Con mucha alegría me enteré hace unos días de que el Club Social y de Deportes Concepción cuenta con una lista candidata para comandar los próximos cuatro años de la corporación fundadora. En un momento de apatía general por la organización social, esta es una excelente noticia; vivimos un ciclo complejo donde muchos optan sólo por opinar o criticar, pero pocos asumen responsabilidades mayores.
Que una corporación tenga procesos eleccionarios es una señal de salud institucional. Lo ideal sería que compitieran varias listas, como ocurre en equipos como Cobreloa o Curicó Unido, pero en el caso del "Conce" es más vital aún: la historia nos enseñó que cuando el Club Social entra en receso, ocurren tragedias como la desafiliación de 2016. En aquel entonces, la organización no tuvo actividad tras la concesión a la SADP "Fuerza, Garra y Corazón" (Sabando, Tallarico y Jaque), y es de público conocimiento cómo terminó ese episodio.
Desde aquella fatídica fecha, han pasado muchas cosas buenas. Tres directorios han sido testigos del resurgimiento desde la Tercera B, recorriendo las distintas divisiones del fútbol chileno. Al repasar la historia reciente, recordamos al primer directorio de prueba (2016), al segundo que lideró por cinco años (2017-2021, con prórroga por pandemia) y al tercero que hoy cierra su periodo de cuatro años.
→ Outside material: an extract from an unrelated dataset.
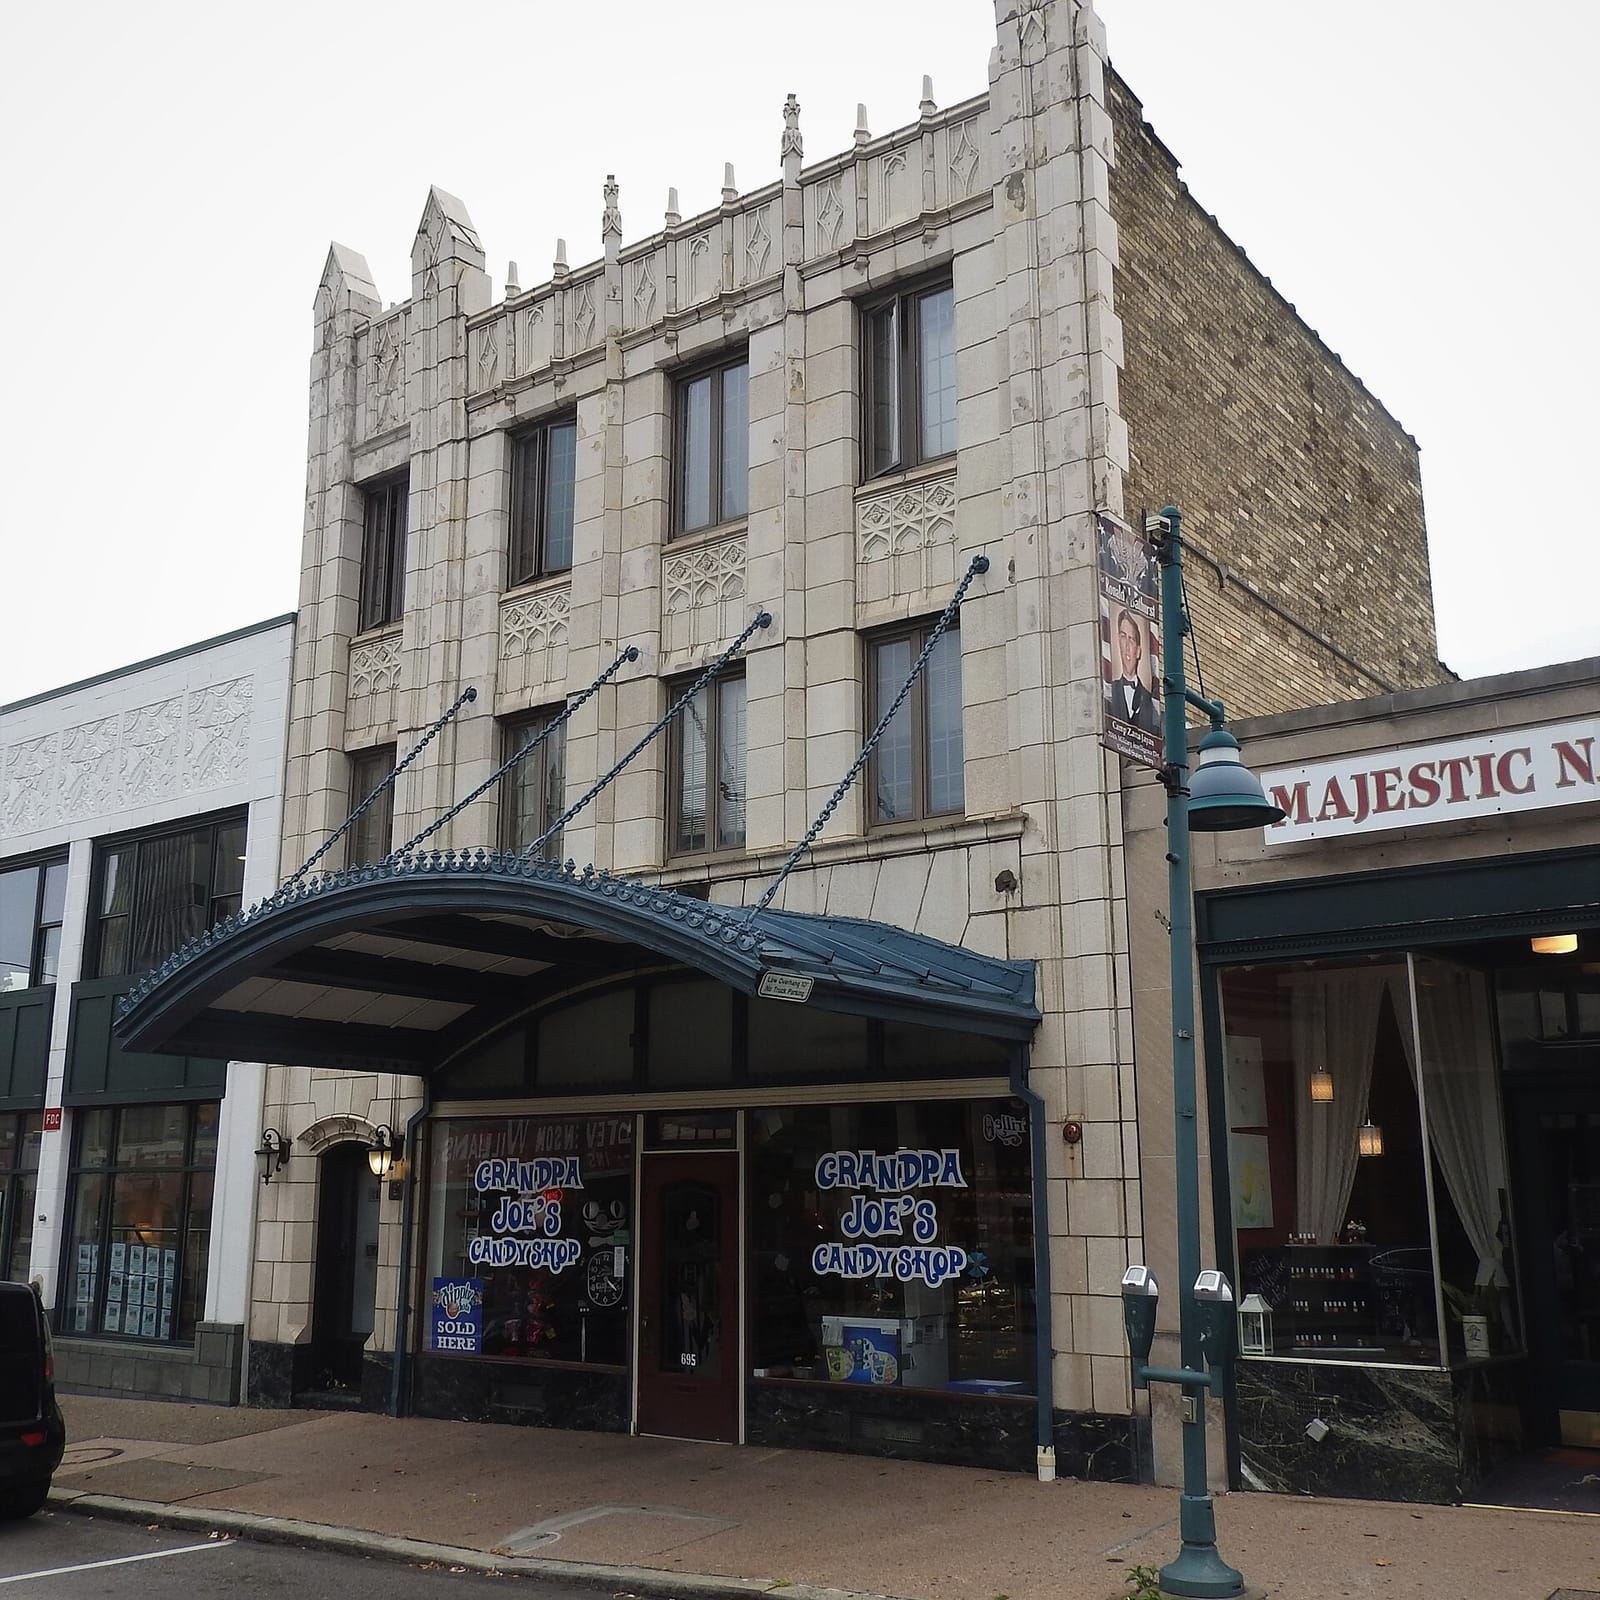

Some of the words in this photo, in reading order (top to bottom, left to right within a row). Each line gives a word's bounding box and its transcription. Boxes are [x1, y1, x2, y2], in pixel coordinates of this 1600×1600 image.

Cada uno con distintos matices, errores y logros, pero con un denominador común: ser hinchas comunes y corrientes que pasaron del tablón (butaca) a la dirigencia para defender a su club, en su momento más difícil.
Mi reconocimiento a esta nueva directiva que asume el desafío de mantener a la corporación activa y vigilante de nuestros valores fundacionales, justo cuando cumplimos 60 años de historia, escrita por grandes dirigentes como Vittorio Yaconi, Manuel Cordoba y Osvaldo Band.
El camino no será fácil; a veces, una decisión impopular se transforma, con el tiempo, en un acierto o viceversa. Siempre se debe priorizar el futuro del "Conce" por sobre las ambiciones personales.
A los hinchas de otros equipos que lean esta columna: apoyen sus corporaciones. Un "me gusta" en redes sociales, participar en actividades (navidades, romerías, bingos) o, si la economía personal lo permite, pagar la cuota de socio, marcan la diferencia.
Las corporaciones son las únicas estructuras que resisten ante el negocio del fútbol moderno; es donde aún sobrevive la democracia, esa misma que defendía Sócrates en el Corinthians.
Como hincha y expresidente, puedo decir que, más allá de conocer todos los estadios de Chile siguiendo al equipo en las buenas y en las malas, la experiencia me enseñó algo valioso: el verdadero "aguante" también se vive en un asiento de directorio frente a una dura asamblea de socios o cuando hay que pagar los sueldos y la cuenta del club está cero.